- _Your instructions_:
Output the whole listing exactly, except for the pictures in it.
Segment Start: Given records
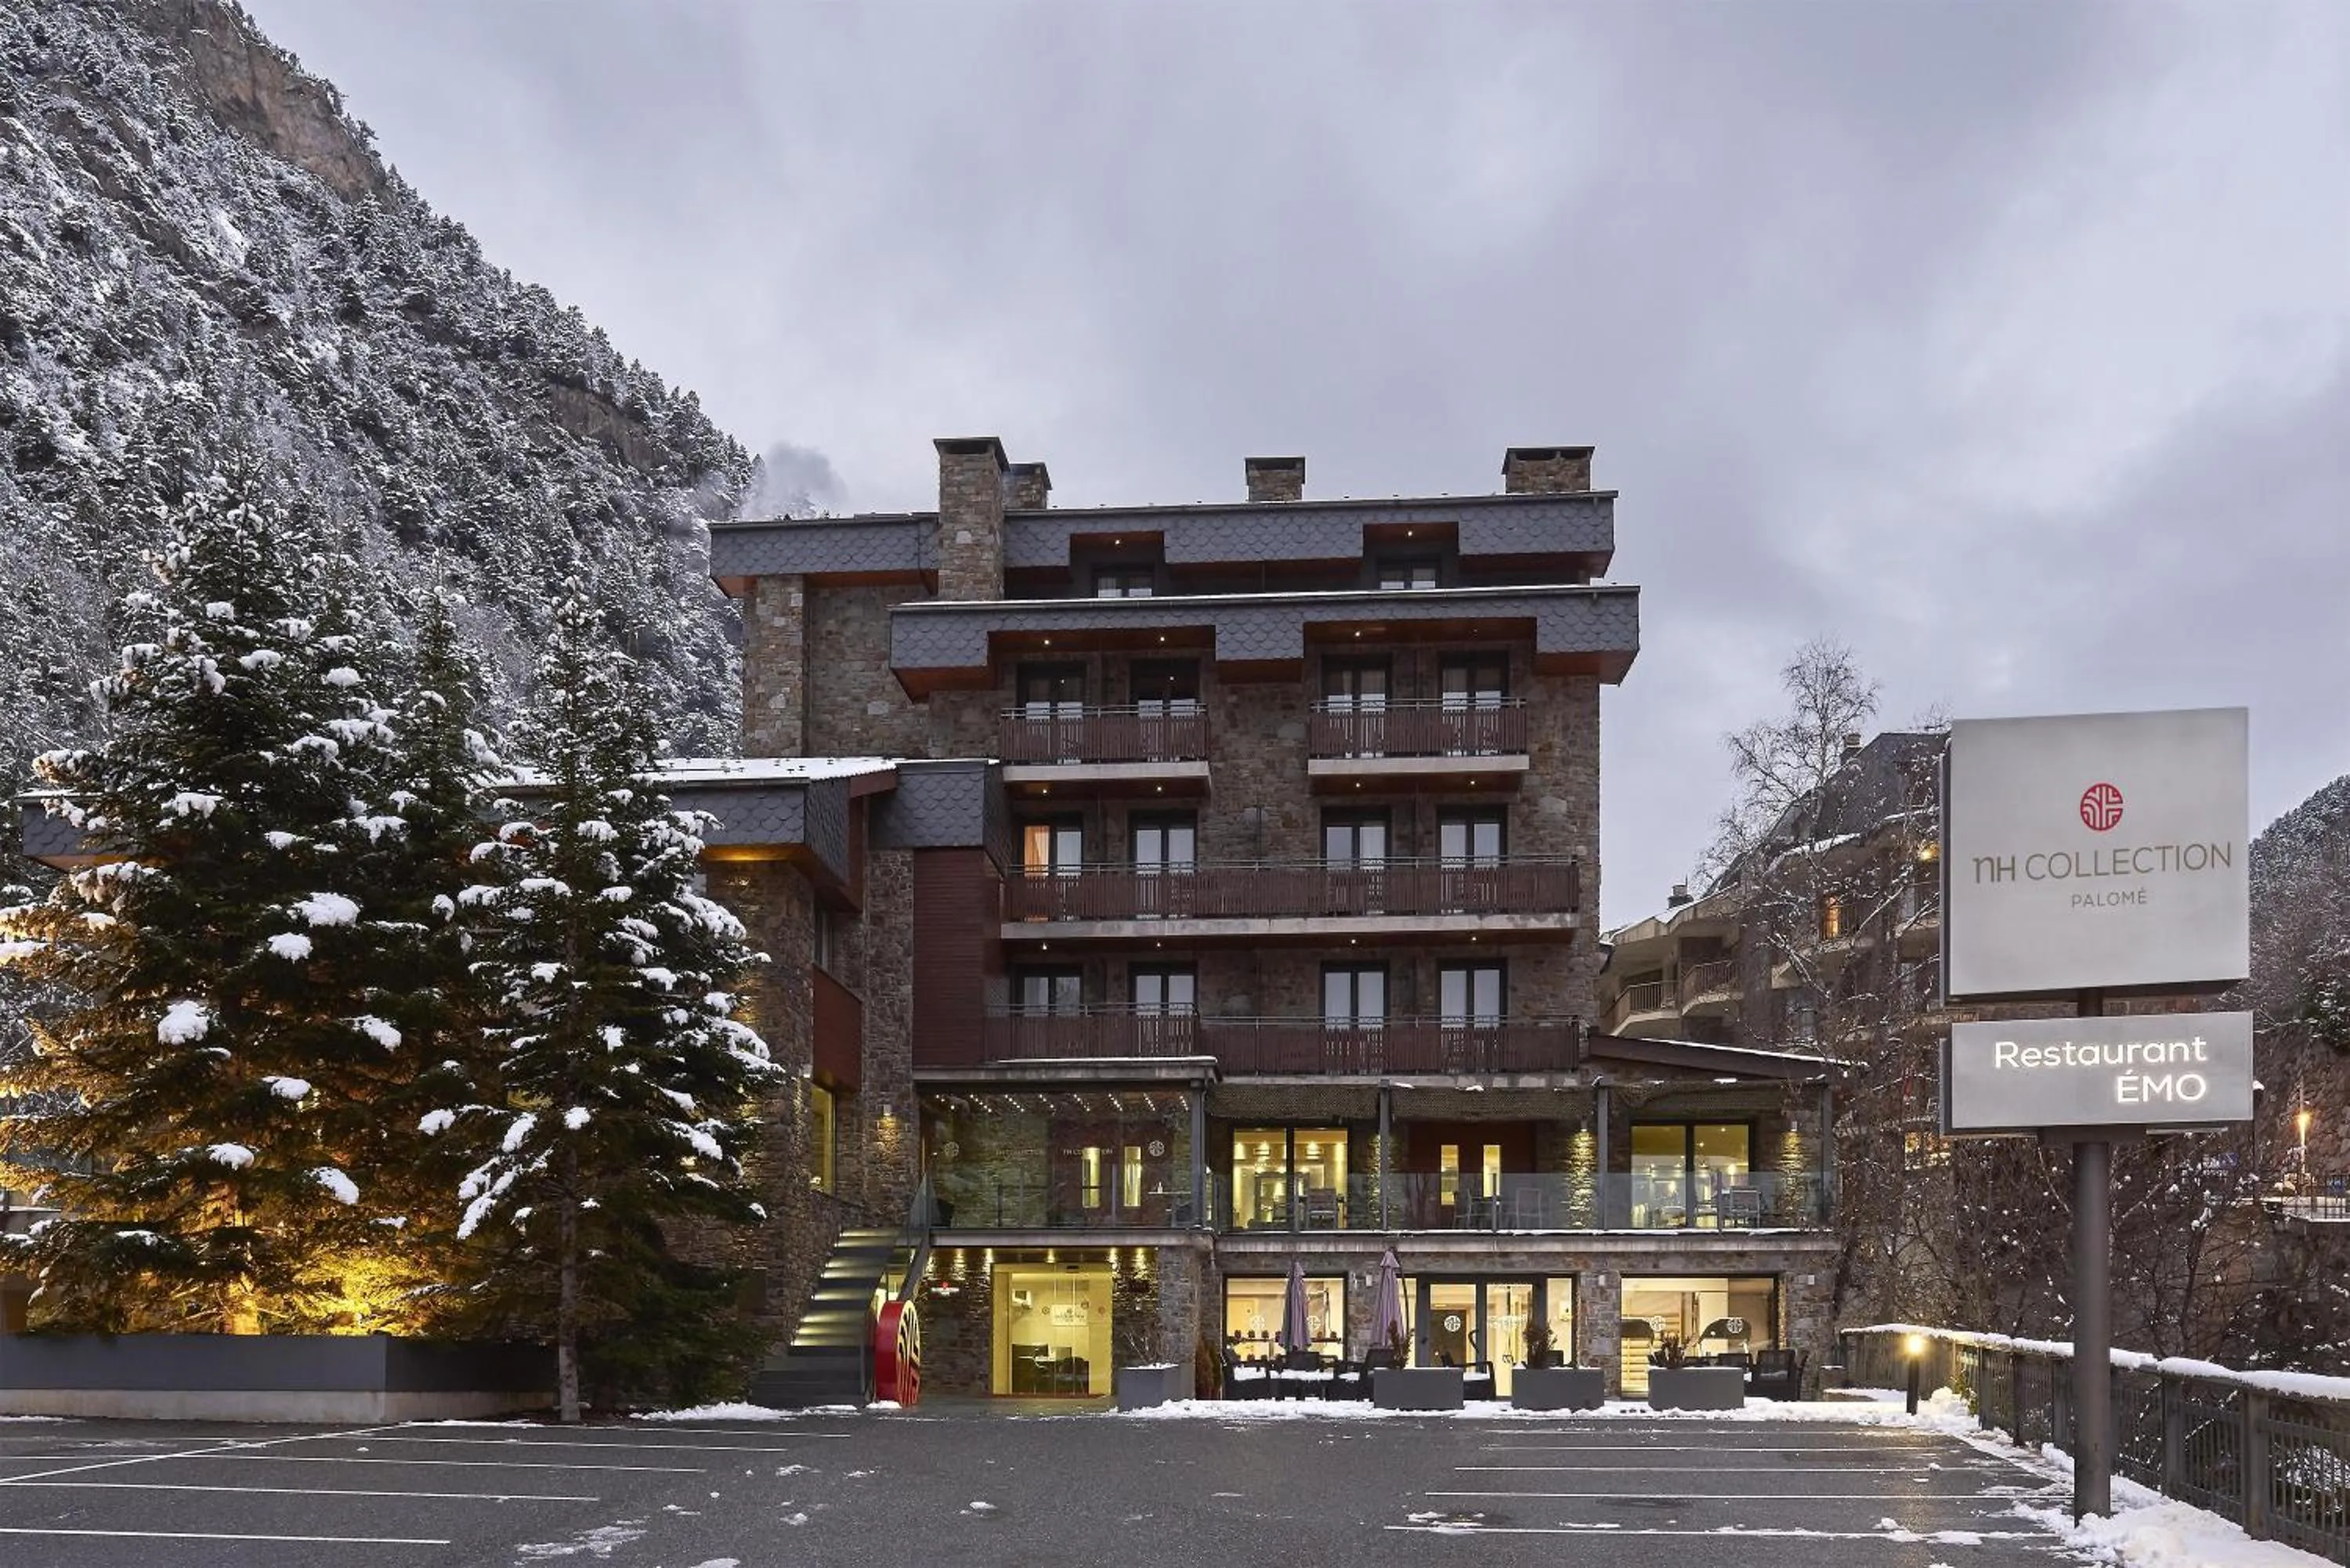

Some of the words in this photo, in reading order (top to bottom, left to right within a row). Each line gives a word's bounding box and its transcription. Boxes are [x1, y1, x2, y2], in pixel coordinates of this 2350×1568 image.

[2025, 842, 2232, 881] COLLECTION
[2071, 887, 2147, 908] PALOMÉ
[1995, 1036, 2207, 1068] Restaurant
[2117, 1069, 2207, 1103] ÉMO
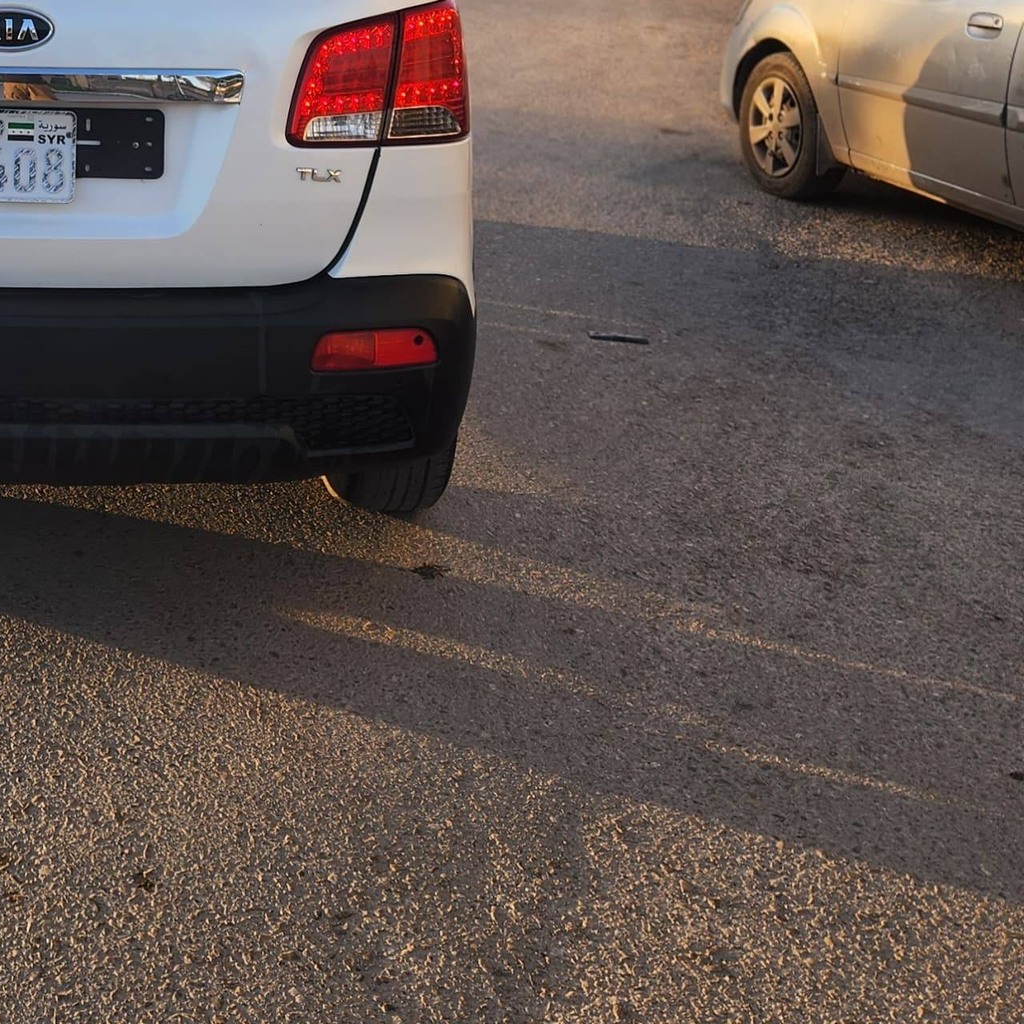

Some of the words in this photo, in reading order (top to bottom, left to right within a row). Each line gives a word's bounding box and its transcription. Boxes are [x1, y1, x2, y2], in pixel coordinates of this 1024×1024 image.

[37, 120, 68, 132] سورية
[37, 134, 67, 145] SYR
[296, 167, 342, 183] TLX
Segment End: Given records
- _Output of the task_:
Some of the words in this photo, in reading order (top to bottom, left to right within a row). Each line gives a word's bounding box and its transcription. Boxes are [x1, y1, x2, y2], in pixel coordinates of this 2350×1568 image.

[2025, 842, 2232, 881] COLLECTION
[2071, 887, 2147, 908] PALOMÉ
[1995, 1036, 2207, 1068] Restaurant
[2117, 1069, 2207, 1103] ÉMO

Some of the words in this photo, in reading order (top to bottom, left to right within a row). Each line gives a word's bounding box and its transcription. Boxes are [x1, y1, x2, y2], in pixel coordinates of this 1024×1024 image.

[37, 120, 68, 132] سورية
[37, 134, 67, 145] SYR
[296, 167, 342, 183] TLX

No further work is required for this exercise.